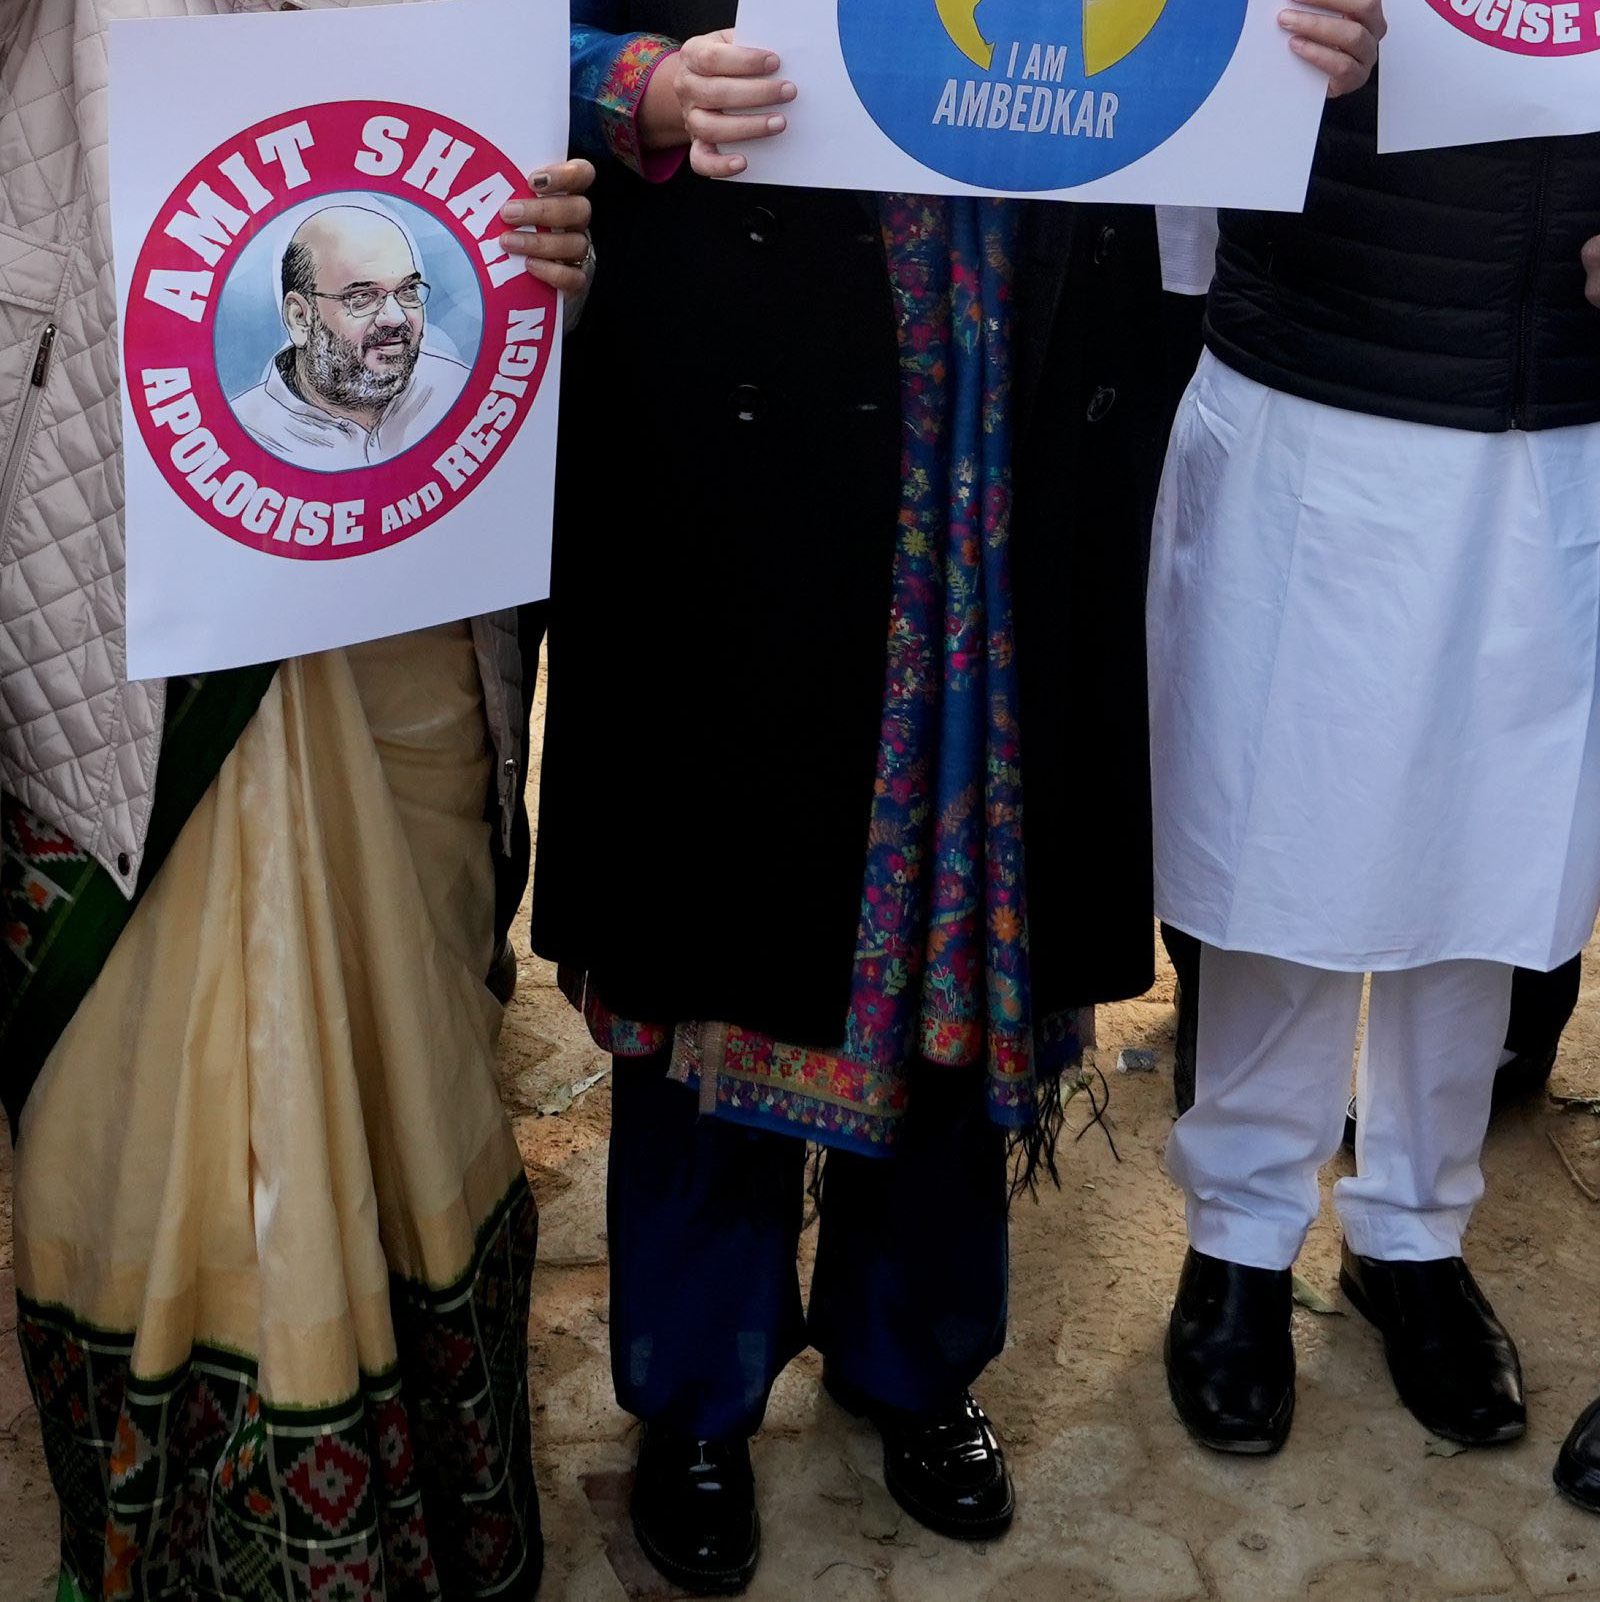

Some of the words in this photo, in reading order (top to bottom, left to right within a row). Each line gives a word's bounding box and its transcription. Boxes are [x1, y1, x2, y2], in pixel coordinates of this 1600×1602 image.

[931, 78, 1119, 139] AMBEDKAR
[1006, 41, 1020, 79] I
[1021, 43, 1068, 83] AM
[143, 119, 317, 324] AMIT
[140, 366, 366, 547] APOLOGISE
[380, 481, 445, 535] AND
[432, 306, 546, 492] RESIGN

# WHAT TO WORK ON:
Set down the records precisely as they appear. Any picture stays out.

# RESPONSE FOR THIS EXERCISE:
Some of the words in this photo, in reading order (top to bottom, left to right within a row). Each line gives a word's bounding box and its transcription. Boxes are [x1, y1, x2, y2], in pixel coordinates of this 1600×1602 image.

[931, 78, 1119, 139] AMBEDKAR
[1006, 41, 1020, 79] I
[1021, 43, 1068, 83] AM
[143, 119, 317, 324] AMIT
[140, 366, 366, 547] APOLOGISE
[380, 481, 445, 535] AND
[432, 306, 546, 492] RESIGN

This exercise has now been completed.